It seems the world is filled with loss right now. I know many people are grieving big things, but some times it’s harder to acknowledge small losses. When so many have lost so much, it may not feel right to grieve things that have changed in our everyday lives. But these changes are significant and can affect us greatly.
David Kessler, the author of On Grief and Grieving: Finding the Meaning of Grief through Five Stages of Loss, was interviewed by the Harvard Business Review and commented, “The loss of normalcy; the fear of economic toll; the loss of connection. This is hitting us, and we’re grieving. Collectively. We are not used to this kind of collective grief in the air.”
Things that we have taken for granted and have expected to be a part of our ongoing lives have disappeared.
These can be as significant as canceled life events such as graduations, birthdays, weddings, and even funerals, to things that seem less severe such as our routines. The places we go, the things we do, and the people we see have all changed – these are all worthy of our grief.
Many of us have discovered that seemingly simple things hold a much deeper meaning than we’ve realized. For instance, work serves many functions, from social interaction to a sense of purpose to provide our livelihood. The systems we depend upon have been shaken. Healthcare, education, economic, and social networks have all been impacted. These can be just as significant as death but are more ambiguous, making it harder to recover from in the long run.
Robert Neimeyer, Ph.D. director of Portland Institute of Loss and Transition, says that we are all capable of losing “places, projects, possessions, professions, and protections.” All of which we can be powerfully attached to.

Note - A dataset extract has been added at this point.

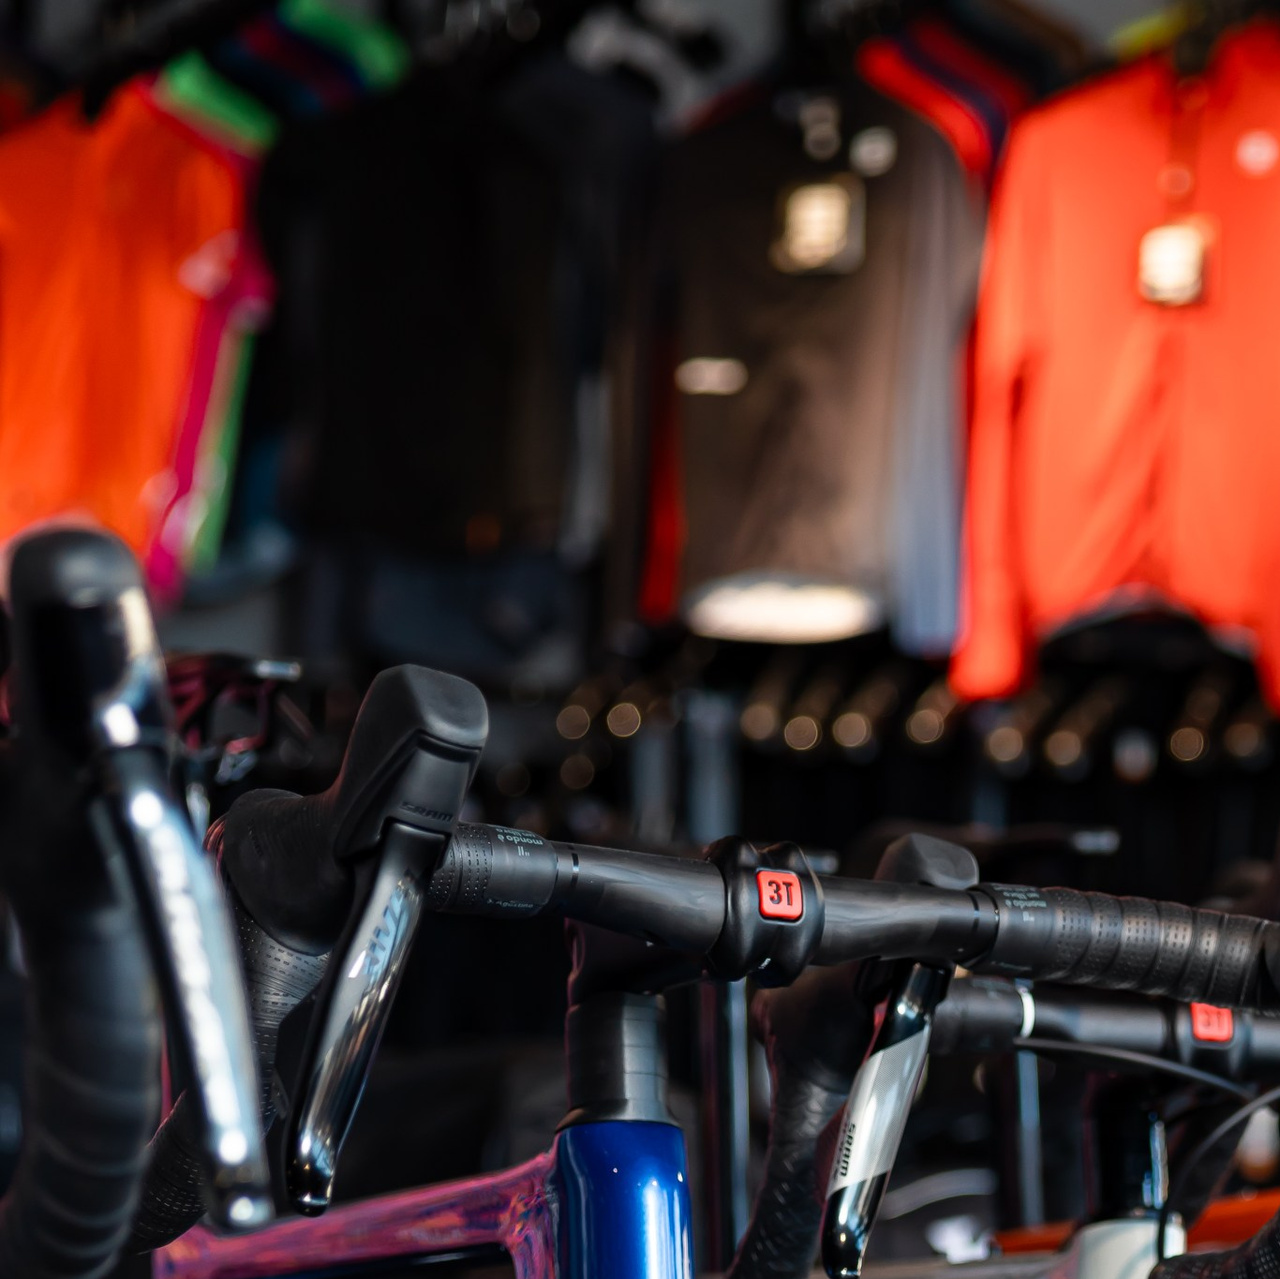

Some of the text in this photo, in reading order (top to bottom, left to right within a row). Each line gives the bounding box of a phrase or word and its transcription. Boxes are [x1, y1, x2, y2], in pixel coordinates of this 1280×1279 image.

[401, 801, 454, 821] SRAM
[506, 835, 543, 846] mondo
[768, 880, 793, 907] 3T
[840, 1122, 856, 1178] SRAM

It can all seem so overwhelming; how can we survive? Two of the most important skills we can learn are reconstructing meaning around our loss and developing resiliency. J. William Worden, the author of Grief Counseling and Grief Therapy, suggests that when an unplanned or difficult loss occurs we need to redefine ourselves. We relearn ways to engage in the world without the thing we no longer have. We can never return to pre-loss status, but we learn to develop a meaningful life despite the differences.
Resilience depends upon adaption rather than recovery. When we go through a loss, our hope is to recover the thing that we have lost. However, we must adapt to a world that is now different. By making a sound or effective adaption, we have demonstrated our resilience.
What are some practical ways that we can cope with loss? These are three things that can help us in the grieving process:
Name It and Claim It.
We may be ashamed to feel grief around everyday things we have lost, but the best thing we can do is to wrap language around it. Consider what you are losing. Remove the ambiguity surrounding your loss and express what it feels like to no longer have this as part of your life. One of the easiest ways to do this is by keeping a journal. Write about your emotional upheavals. Name what you’re losing – both individually and collectively. Then write about your personal strengths and coping skills. It can be helpful to write about previously challenging transitions, such as unemployment or divorce, and how you healed and recovered from those.
This may seem impossible right now, and our social isolation may be one of the things we are grieving. Still, it is more important than ever to connect with friends, family, and community. It can be hard to reach out these days, it can take some creativity to find ways to connect, but it’s likely that those around you are missing you just as much as you’re missing them. Find ways to keep your social network going – even if it is only virtually.
When we are grieving, it can seem impossible to find anything to be joyful about, however, there are small things and moments in every day that hold joy. Take the time to celebrate these things. Look to them to provide hope for tomorrow and as a bedrock to build new traditions, events, connections, and meaning. Ask yourself, “Even in the worst of times, what are the things we treasure?”